**About this exercise:**
Every entry below is to be copied exactly, apart from any picture it holds.

**Data records:**
★ ★ ★ ★

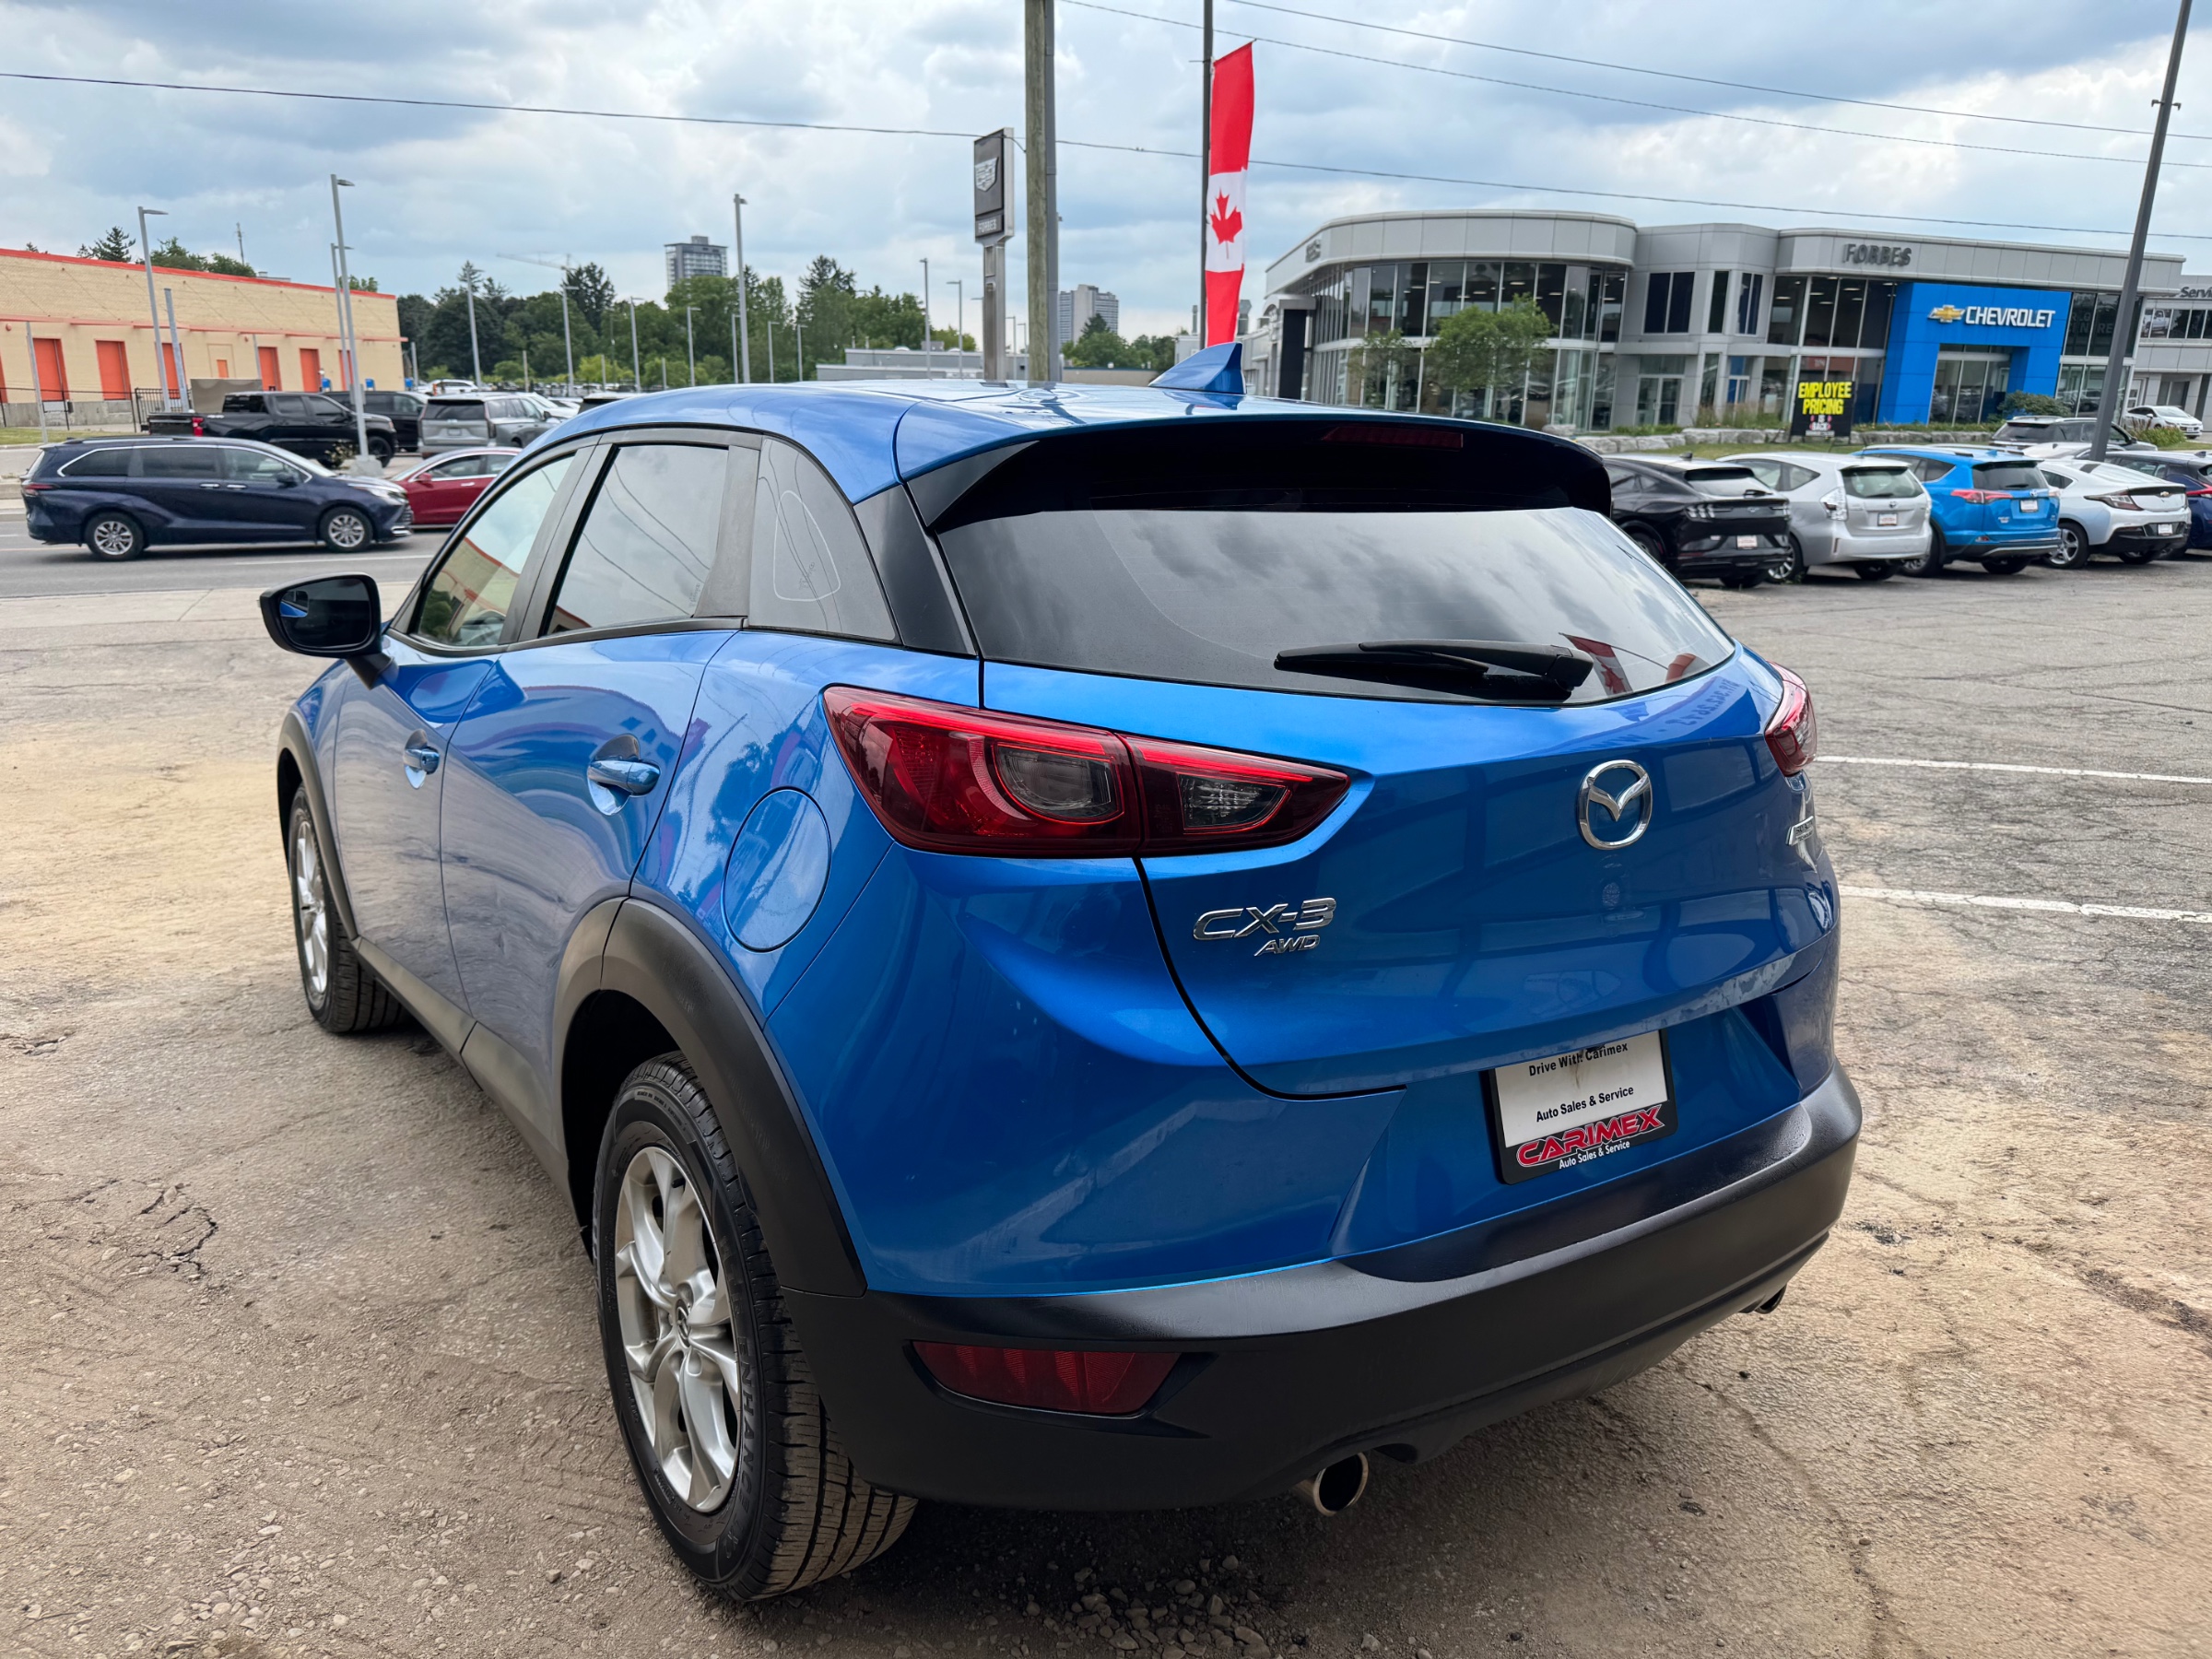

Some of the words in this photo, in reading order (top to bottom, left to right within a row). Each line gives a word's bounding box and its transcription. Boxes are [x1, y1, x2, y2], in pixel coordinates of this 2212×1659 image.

[1843, 243, 1912, 266] FORBES
[1965, 305, 2056, 328] CHEVROLET
[1798, 382, 1853, 399] EMPLOYEE
[1802, 398, 1844, 415] PRICING
[1193, 897, 1337, 941] CX-3
[1253, 934, 1321, 957] AWD
[1528, 1061, 1557, 1077] Drive
[1558, 1052, 1583, 1068] With
[1585, 1041, 1629, 1061] Carimex
[1535, 1108, 1559, 1123] Auto
[1560, 1100, 1587, 1115] Sales
[1589, 1095, 1597, 1107] &
[1598, 1086, 1634, 1104] Service
[1517, 1105, 1664, 1167] CARIMEX
[1559, 1158, 1577, 1170] Auto
[1577, 1149, 1597, 1165] Sales
[1598, 1147, 1605, 1157] &
[1605, 1140, 1630, 1155] Service
[738, 1336, 755, 1514] ENHANCE
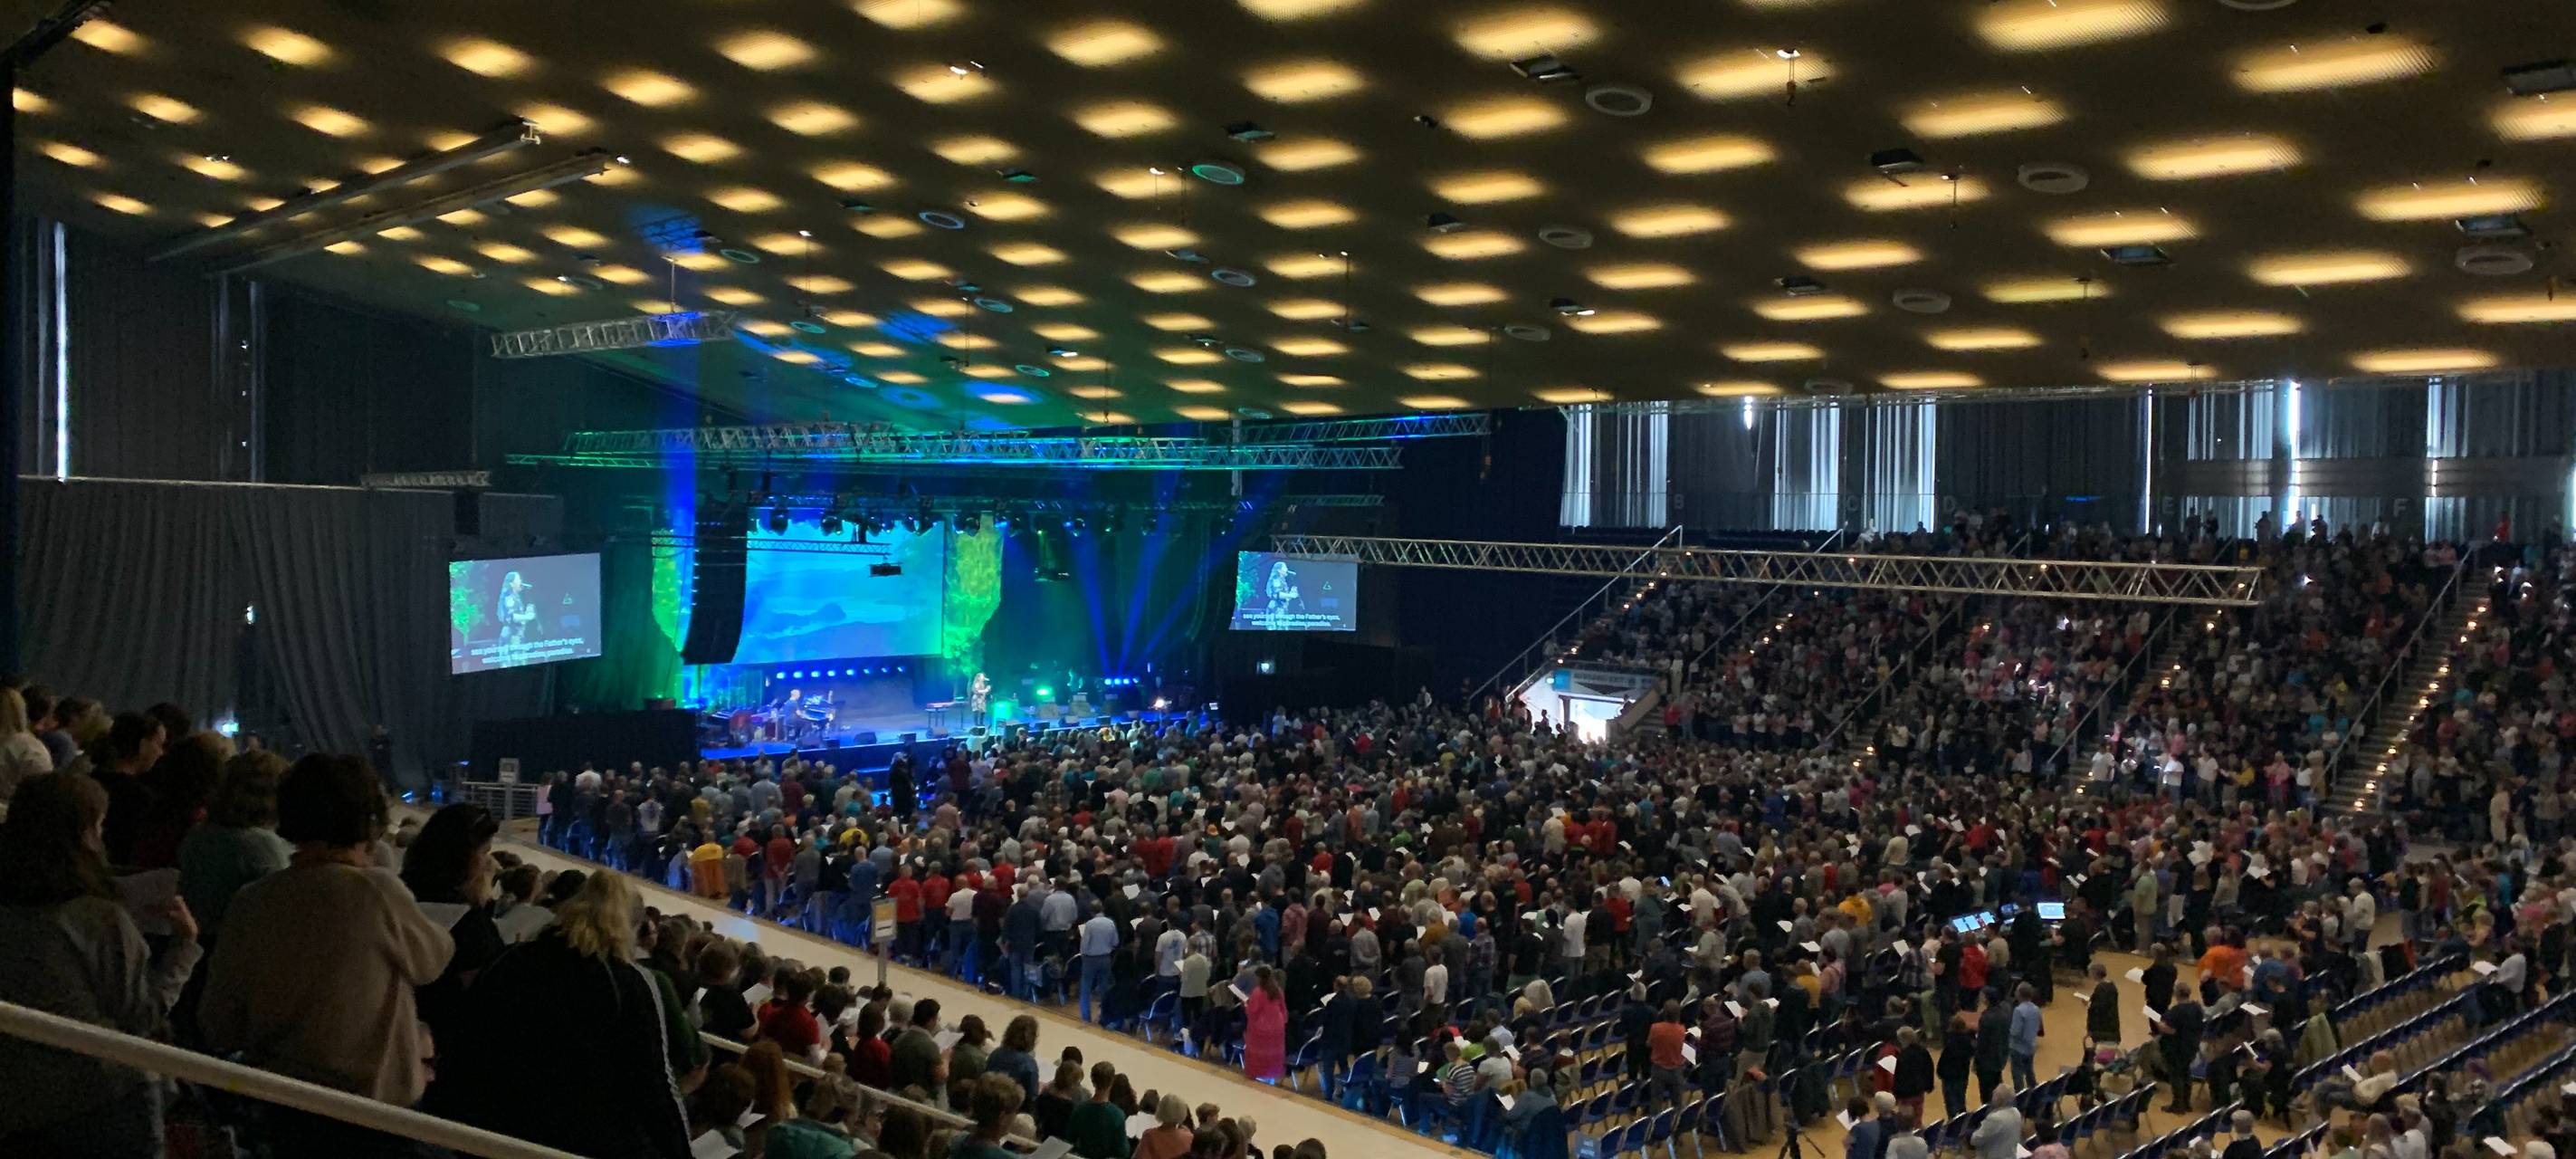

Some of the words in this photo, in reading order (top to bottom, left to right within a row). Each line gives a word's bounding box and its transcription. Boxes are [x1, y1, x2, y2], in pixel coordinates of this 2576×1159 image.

★ ★ ★ ★

**Solution:**
Some of the words in this photo, in reading order (top to bottom, left to right within a row). Each line gives a word's bounding box and its transcription. Boxes are [x1, y1, x2, y2], in pixel coordinates of this 2212×1659 image.

[1843, 243, 1912, 266] FORBES
[1965, 305, 2056, 328] CHEVROLET
[1798, 382, 1853, 399] EMPLOYEE
[1802, 398, 1844, 415] PRICING
[1193, 897, 1337, 941] CX-3
[1253, 934, 1321, 957] AWD
[1528, 1061, 1557, 1077] Drive
[1558, 1052, 1583, 1068] With
[1585, 1041, 1629, 1061] Carimex
[1535, 1108, 1559, 1123] Auto
[1560, 1100, 1587, 1115] Sales
[1589, 1095, 1597, 1107] &
[1598, 1086, 1634, 1104] Service
[1517, 1105, 1664, 1167] CARIMEX
[1559, 1158, 1577, 1170] Auto
[1577, 1149, 1597, 1165] Sales
[1598, 1147, 1605, 1157] &
[1605, 1140, 1630, 1155] Service
[738, 1336, 755, 1514] ENHANCE

Some of the words in this photo, in reading order (top to bottom, left to right within a row). Each line gives a word's bounding box and its transcription. Boxes are [x1, y1, x2, y2], in pixel coordinates of this 2576×1159 image.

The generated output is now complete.